We will solve a simple function approximation problem from a formula:

.. math:: f(x) = x * \sin(5x)

Implementation
--------------

This description goes through the implementation of a solver for the above function step-by-step.

First, the DeepXDE and NumPy (``np``) modules are imported:

.. code-block:: python
import deepxde as dde
import numpy as np
We begin by defining a simple function which will be approximated.

.. code-block:: python
def func(x):
"""
x: array_like, N x D_in
y: array_like, N x D_out
"""
return x * np.sin(5 * x)
The argument ``x`` to ``func`` is the network input. The ``func`` simply returns the corresponding function values from the given ``x``.

Then, we define a computational domain.
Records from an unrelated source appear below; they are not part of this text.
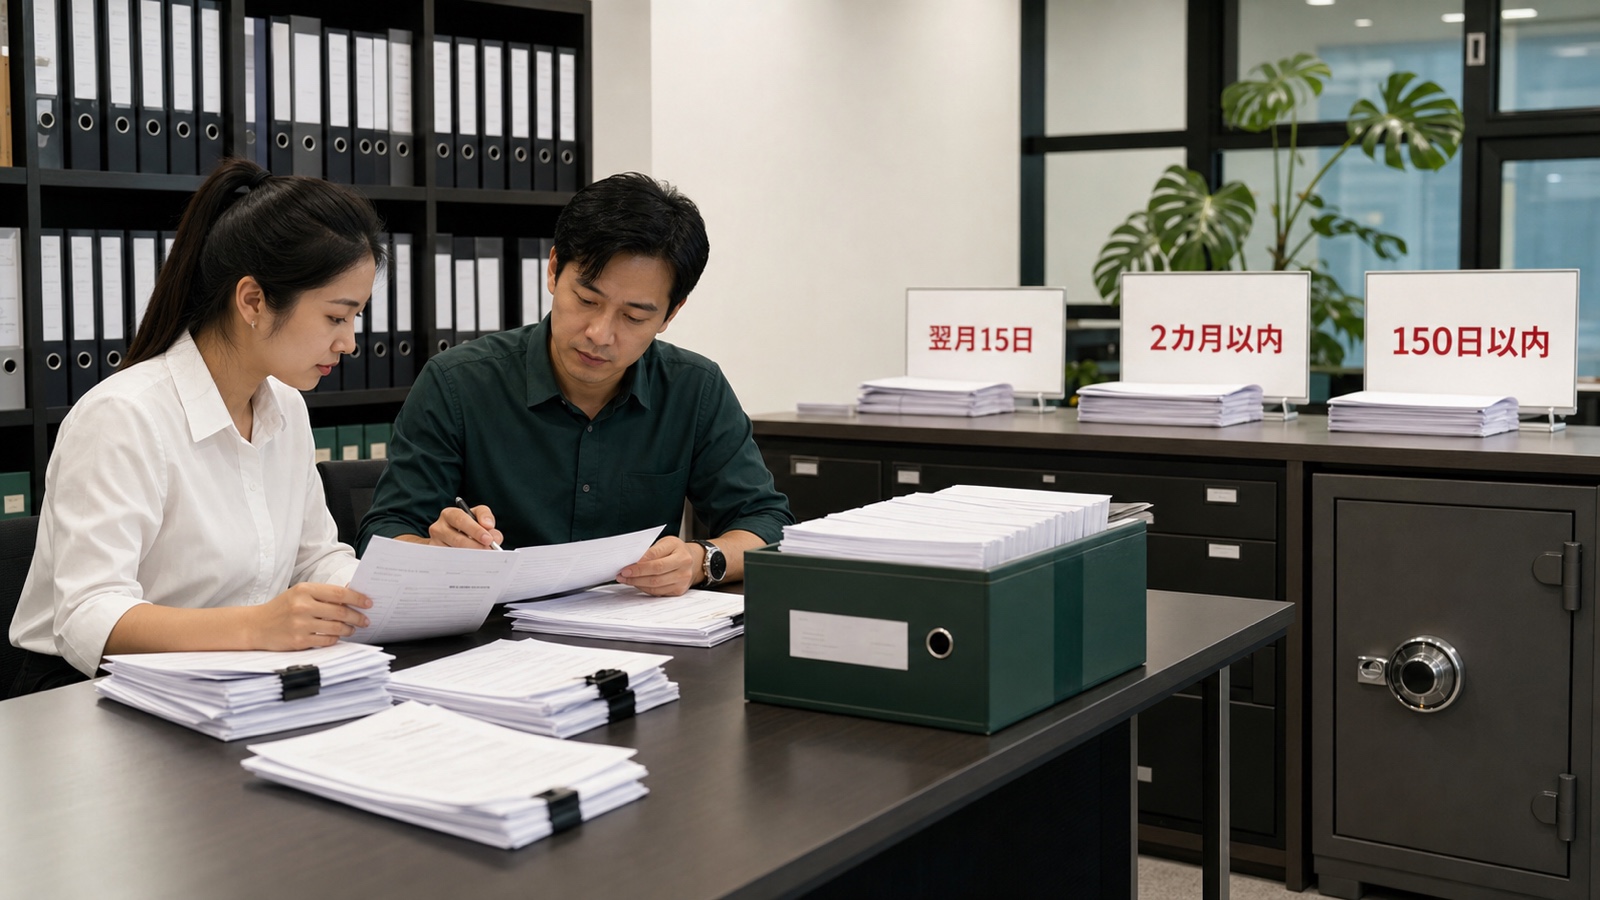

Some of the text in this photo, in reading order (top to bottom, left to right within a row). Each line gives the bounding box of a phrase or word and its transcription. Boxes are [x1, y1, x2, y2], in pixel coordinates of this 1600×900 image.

[929, 325, 1033, 353] 翌月15日
[1150, 324, 1283, 354] 2カ月以内
[1393, 325, 1550, 358] 150日以内
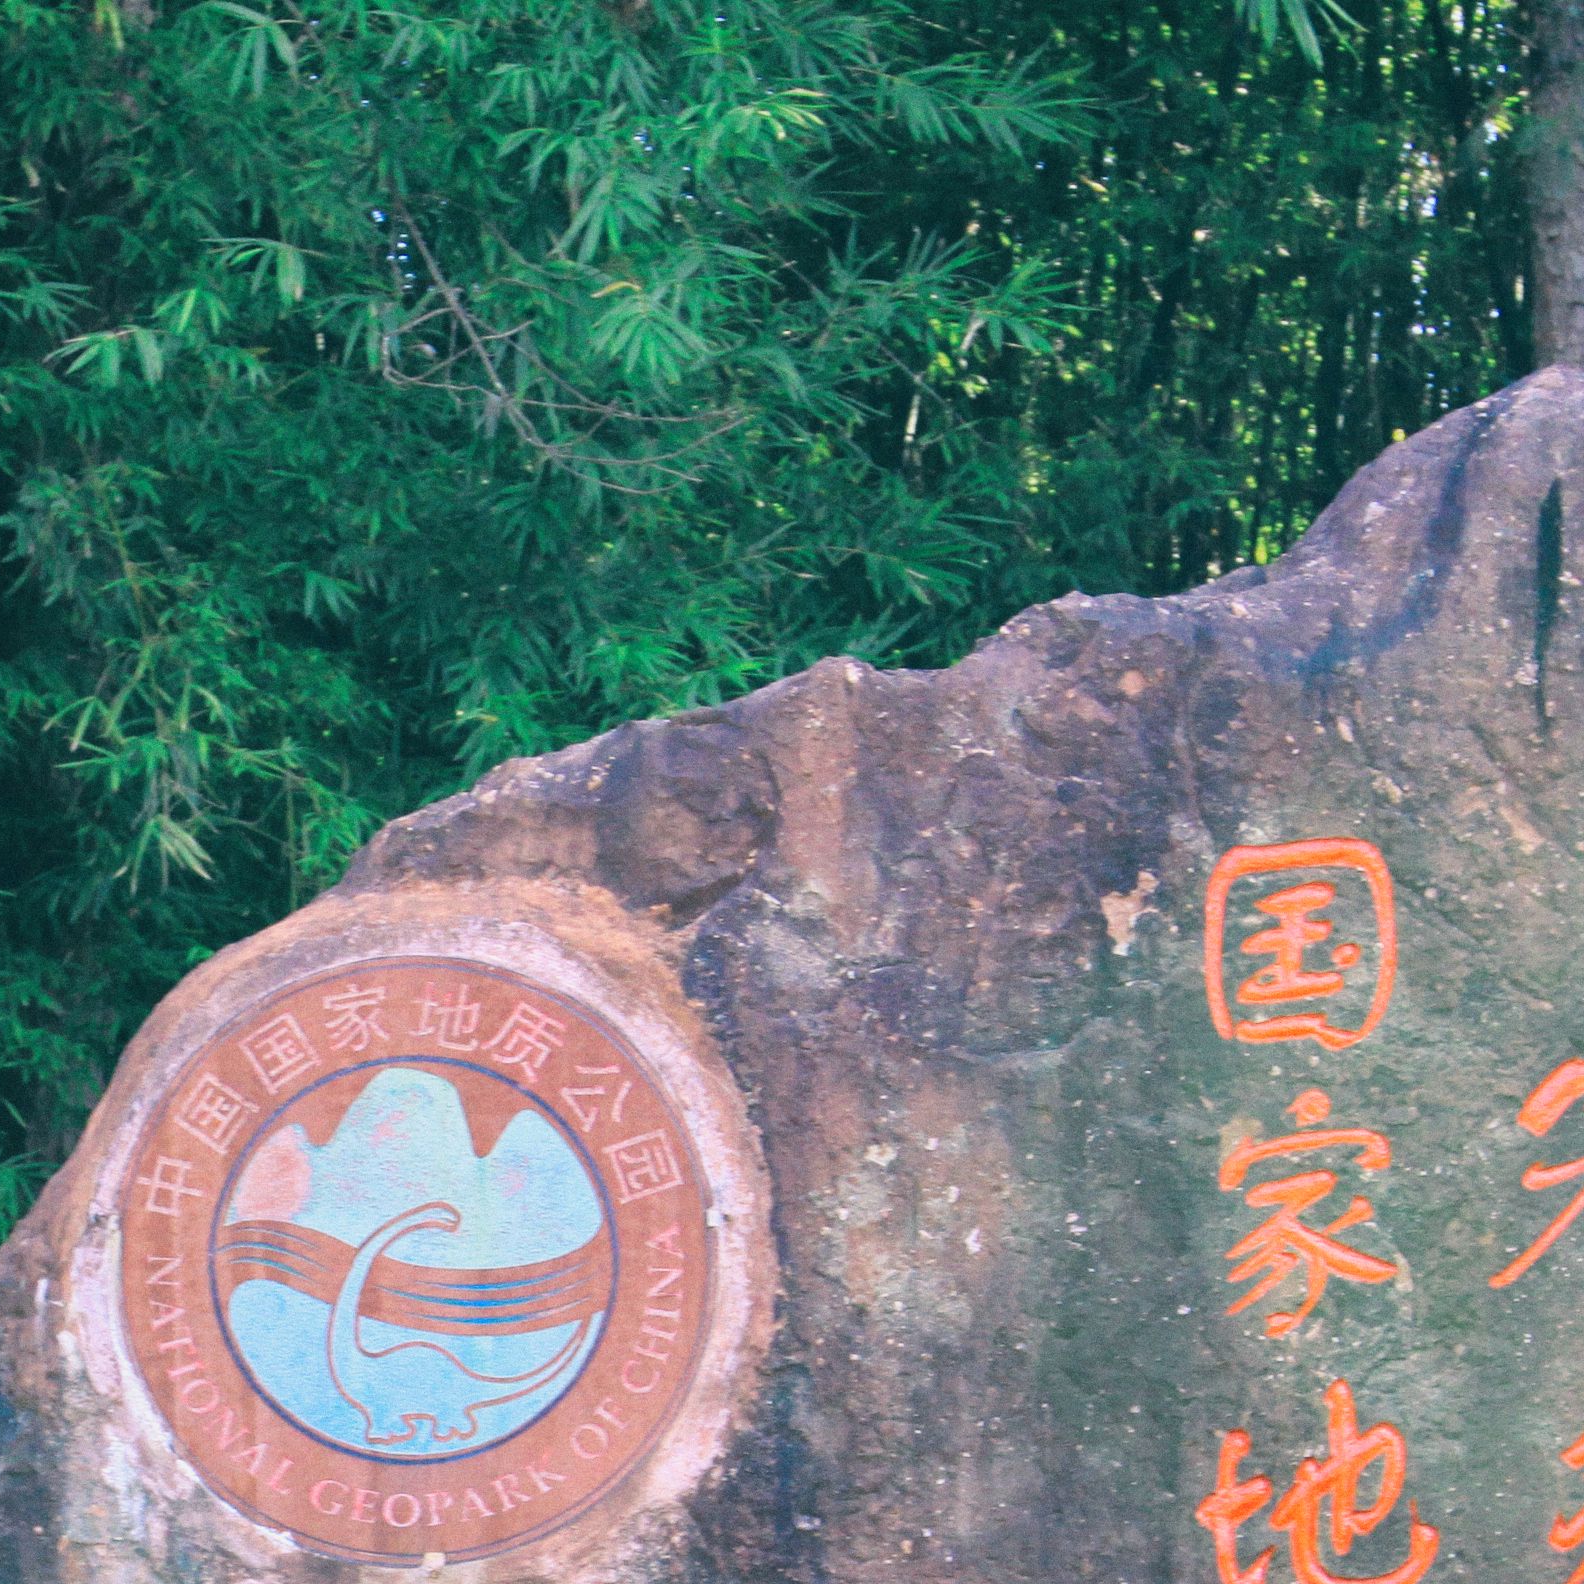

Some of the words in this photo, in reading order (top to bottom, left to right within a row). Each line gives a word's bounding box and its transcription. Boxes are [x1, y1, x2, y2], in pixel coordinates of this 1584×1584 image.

[136, 981, 683, 1217] 中国国家地质公园
[146, 1253, 295, 1497] NATIONAL
[308, 1450, 569, 1529] GEOPARK
[569, 1396, 630, 1461] OF
[620, 1222, 687, 1398] CHINA
We can use a built-in class ``Interval`` as follows:

.. code-block:: python
geom = dde.geometry.Interval(-1, 1)
Now, we have specified the geometry, we need to define the problem using a built-in class ``Function``

.. code-block:: python
num_train = 16
num_test = 100
data = dde.data.Function(geom, func, num_train, num_test)
Here, we use 16 points for training sampled inside the domain, and 100 points for testing.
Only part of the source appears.